L'accord de l'amour et de l'innocence semble être le paradis sur la terre : c'est le bonheur le plus doux et l'état le plus délicieux de la vie.

J. J. ROUSSEAU.

J'ai aimé deux fois dans ma vie; et, dans cette double épreuve, j'ai reconnu que ce sentiment est le plus grand des maux quand il n'est pas le plus grand des biens. Je retrouverais peut-être dans la profondeur de mes souvenirs l'image confuse des maux que cette passion m'a fait souffrir et des plaisirs qu'elle m'a fait goûter; mais ce que je sens encore, j'essaierais en vain de l'exprimer : dans l'homme moral, comme dans l'homme physique, le coeur est la dernière partie que la vie abandonne; il pourrait

arriver qu'un vieillard éprouvât les transports de l'amour, mais il ne saurait ni les inspirer, ni les peindre. J'ai dès long-temps prévu cette cruelle décadence, et j'ai trouvé le moyen d'y échapper, en prenant pour ainsi dire note de mes sensations et de mes sentiments, comme on fixe d'un trait sur la muraille l'ombre fugitive qui passerait sans y laisser de trace.

J'ai écrit mes mémoires sans autre but que de me comparer à moi-même, et de pouvoir, en bon comptable, dresser à toutes les époques de ma vie le bilan de ma situation physique et morale.
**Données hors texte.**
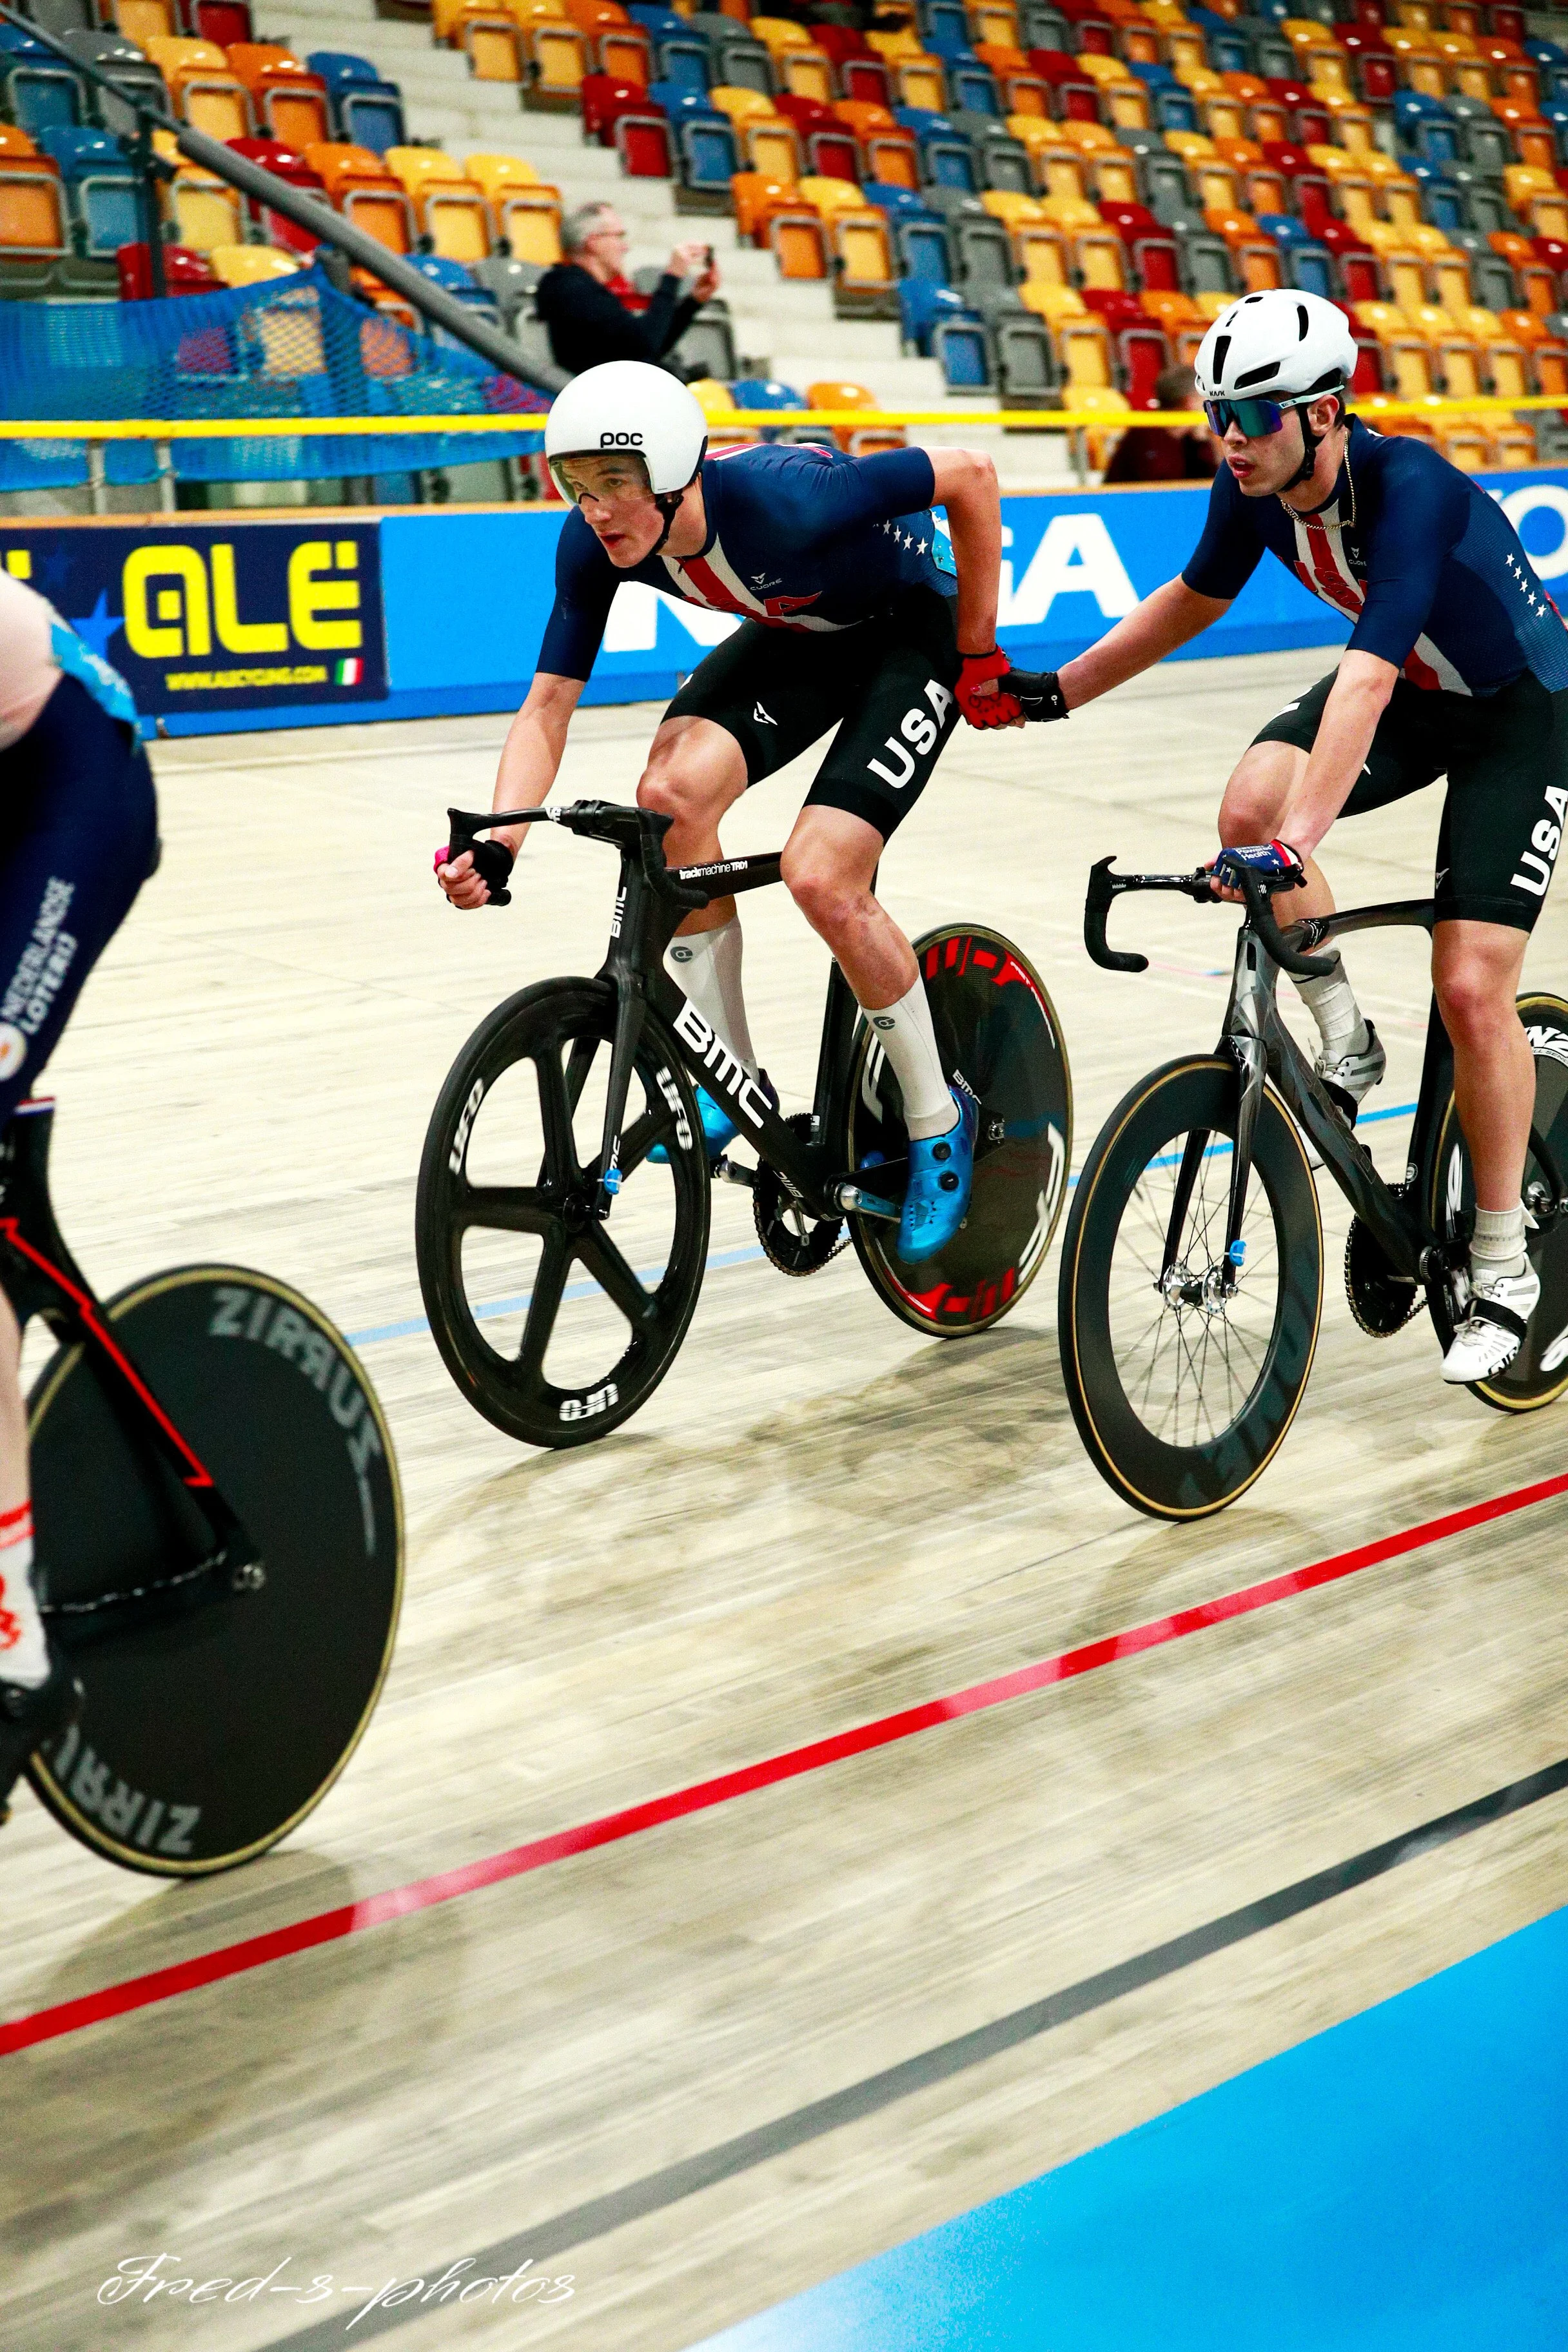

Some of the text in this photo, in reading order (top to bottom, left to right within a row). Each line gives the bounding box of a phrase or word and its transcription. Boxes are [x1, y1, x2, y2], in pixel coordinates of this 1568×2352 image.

[867, 679, 954, 789] USA
[679, 863, 730, 880] trackmachine
[1240, 850, 1271, 861] Health
[1511, 785, 1568, 896] USA
[611, 887, 627, 938] BMC
[673, 999, 773, 1128] BMC
L'amour, qui tient une si grande place dans les destinées humaines, a eu sur les miennes une double influence, si parfaitement compensée, que je me trouve, à ce sujet, dans la même perplexité où se trouvait Corneille par rapport au cardinal de Richelieu :

Il m'a fait trop de bien pour en dire du mal;
Il m'a fait trop de mal pour en dire du bien.

Les deux épisodes suivants, que j'extrais du volumineux manuscrit de mes mémoires, ne sont que le commentaire de cette antithèse.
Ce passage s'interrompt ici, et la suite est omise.